Quando il Parini fu uscito, aveva lasciato dietro a , quasi diremmo, il profumo della sua nobile natura. Quanti erano raccolti in caffè stettero alcuni istanti senza parlare, assorti in quella nuova atmosfera; così se una elegante gentildonna, passando in mezzo ad una frotta di rozze contadine che alterchino, avvien che le avvolga nella fragranza lasciata dalle sue vesti, coloro si tacciono, irresistibilmente comprese di quell'aura odorosa. Quel silenzio rispettoso però non durò molto, chè al pari delle rozze contadine, le quali, svanito il profumo, deridono la squisitezza di chi lo ha lasciato indietro, anche quei compagnoni si rivoltarono contro l'autorità dell'alto poeta, e:

- Bella anche questa, cominciò a dire il ventilatore del braciere; curiosa davvero, che uno si creda in diritto d'insultare una società di galantuomini perchè ha stampato de' versi che, se i suoi amici dicono il vero, saranno immortali.

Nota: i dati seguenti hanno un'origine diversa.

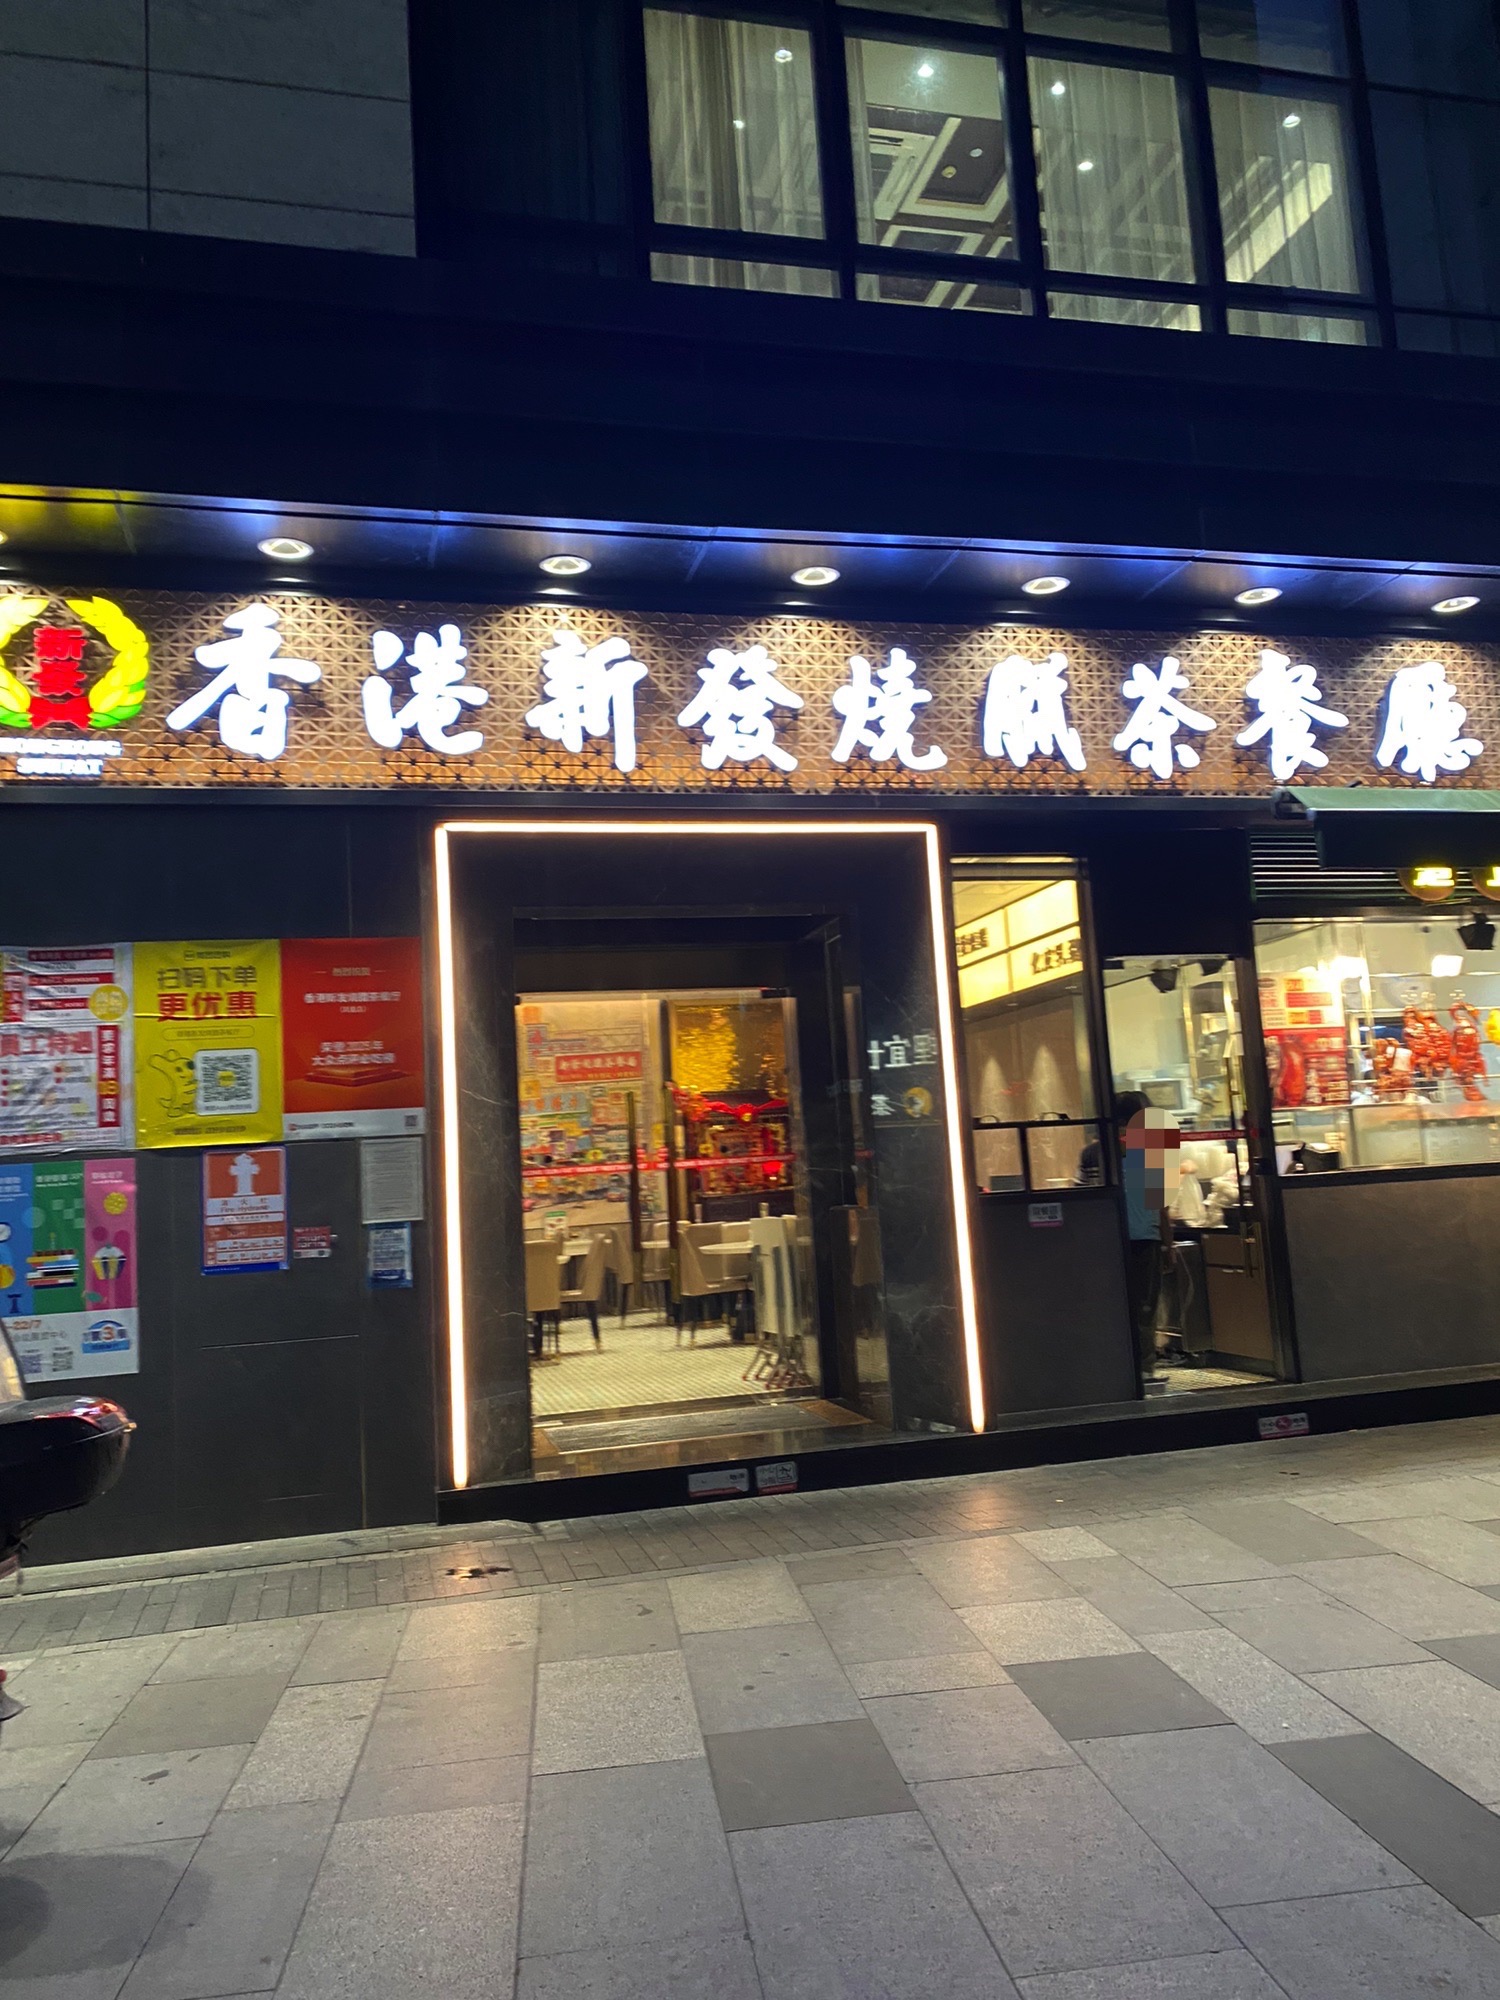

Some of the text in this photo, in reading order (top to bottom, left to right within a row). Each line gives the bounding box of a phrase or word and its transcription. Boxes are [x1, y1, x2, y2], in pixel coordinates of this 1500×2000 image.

[157, 966, 257, 989] 扫码下单
[157, 991, 257, 1022] 更优惠

- Ma è assai più strano, soggiunse il Baserga, che chi si arroga d'insegnare i buoni costumi a' ricchi, si trattenga poi in una bottega ad origliare i discorsi altrui. Del rimanente loro signori sapranno che l'abate Parini è stato il precettore de' figli di donna Paola, e che anche adesso frequenta assiduamente quella casa.

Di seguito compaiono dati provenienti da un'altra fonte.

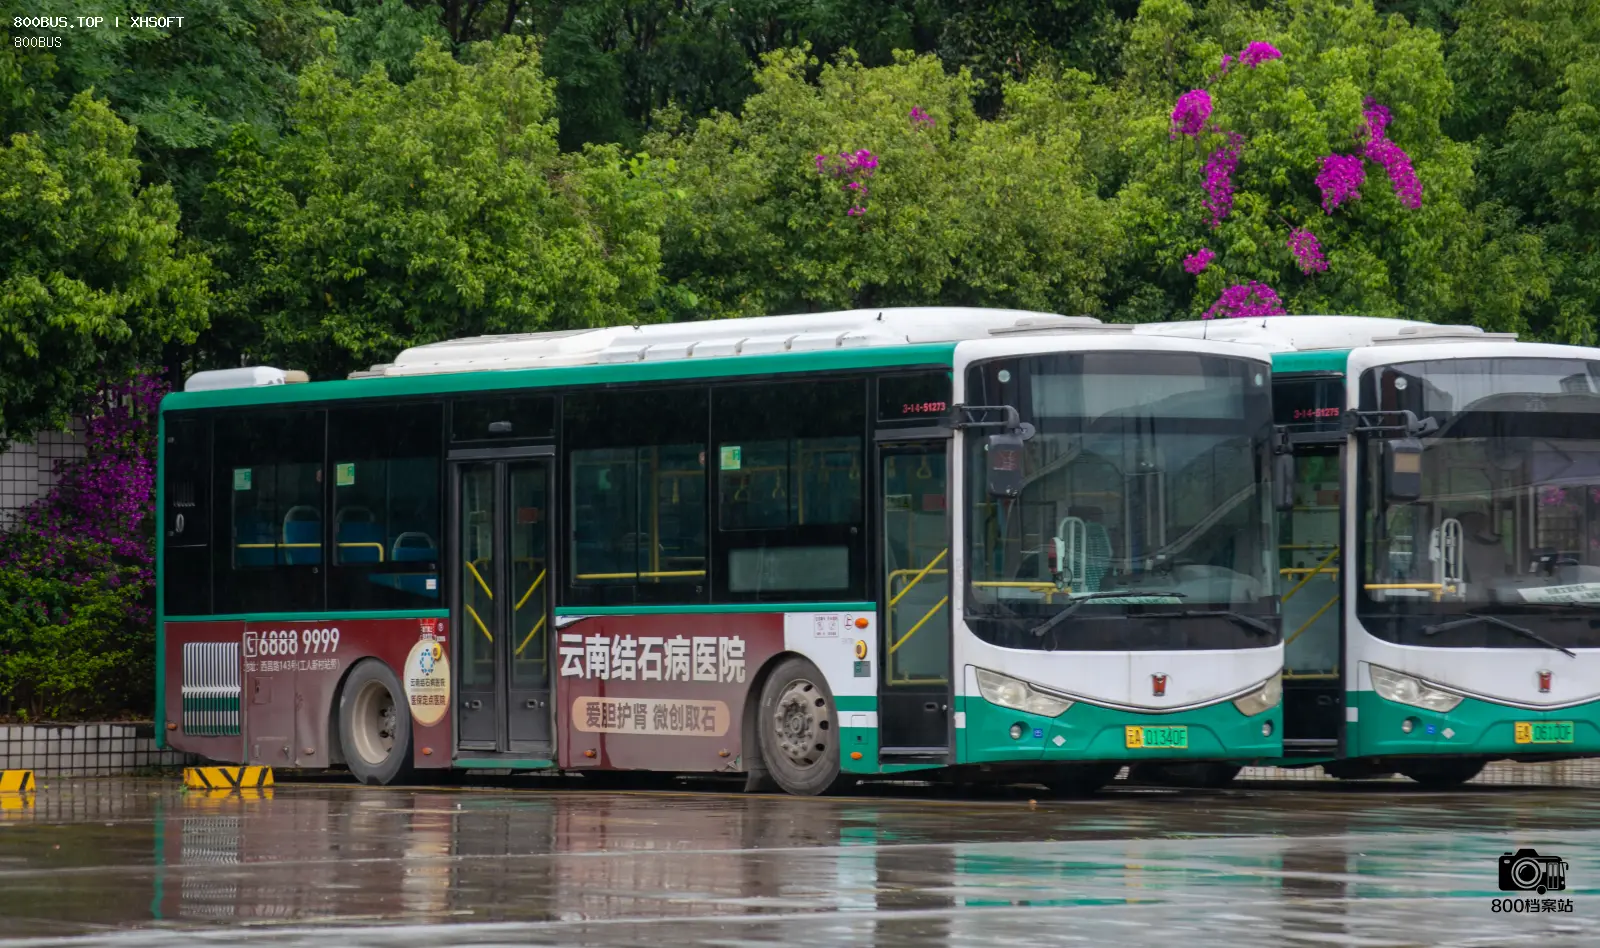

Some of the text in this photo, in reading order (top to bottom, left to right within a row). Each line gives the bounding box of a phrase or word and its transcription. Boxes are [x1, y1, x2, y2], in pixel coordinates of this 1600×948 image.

[259, 627, 340, 656] 6888 9999
[559, 633, 746, 683] 云南结石病医院
[411, 694, 446, 706] 医保定点医院
[585, 701, 717, 733] 爱胆护肾 微创取石

Proferendo queste parole il signor Baserga si alzò ed uscì. Colui che il Parini avea onorato del nome di amico uscì pure, per non intrattenersi in nuovi ed inutili alterchi. Gli altri poi si fermarono, e, liberati dalla controlleria d'un contraddittore perpetuo, ridussero a più chiara e speciosa lezione, e rimpolparono colle loro congetture il racconto del maggiordomo, perchè potesse circolare con miglior successo fra il popolo, ed essi medesimi s'incaricarono di farne gli spacciatori; press'a poco come gli editori francesi, quando hanno ridotto in forma di libro accessibile a tutti qualche nuovo trovato della scienza.

Ed ora dirà il lettore: come mai in tanto cicaleccio del pubblico attento ai fatti che abbiam narrati e ai personaggi che li generarono, non saltò fuori un sospetto che venisse a percuotere e a trarre innanzi al tribunale dell'opinione pubblica anche la persona del Galantino, che necessariamente, per l'associazione delle cose, per la memoria del passato, per la sua condizione che lo faceva quasi vivere una vita pubblica al cospetto continuamente del pubblico, doveva essere ricordato in quell'occasione?... Come mai dunque ha potuto passarsela netta, senza che nessuno pensasse a lui, pur dal momento che si voleva andare in cerca di un rapitore qualunque della fanciulla? che si conoscevano le sue abitudini libertine, e l'audacia sfrontata onde solea valersi anche in quelle tresche che per lui non erano che un divertimento dagli affari; che, ed è il più, a tutti era noto aver esso abitazione, giardino e deposito di mercanzie in luogo attiguo al monastero di San Filippo Neri? Dare a questa domanda una risposta che sia l'espressione del vero non è possibile; ma volendo pur arrischiare un'opinione, ci parrebbe di poter dire che il pubblico d'allora, il quale, come quello di tutti i tempi, talvolta è capriccioso al pari di un ragazzo, di quel personaggio eteroclito del Galantino aveva tanto parlato e straparlato; lo aveva accusato, manomesso, vituperato, maledetto in tanti modi e a tutte l'ore, che oramai era quasi sazio di occuparsi di lui. Così vediamo qualche fanciullo dimenticare in un angolo della camera da giuoco il fantoccio col quale s'era scapricciato a strappargli testa, braccia e gambe sotto gli occhi stessi dell'ajo; ma di soppiatto poi farsi a rompere un prezioso oriuolo per vedere com'è fatto di dentro. Che che ne sia, il pubblico vuol variare le vittime; talvolta, stanco di percuotere i tristi passa a maltrattare i buoni. La storia d'Aristide rimane sempre ad ammonirci di questo fenomeno perpetuo.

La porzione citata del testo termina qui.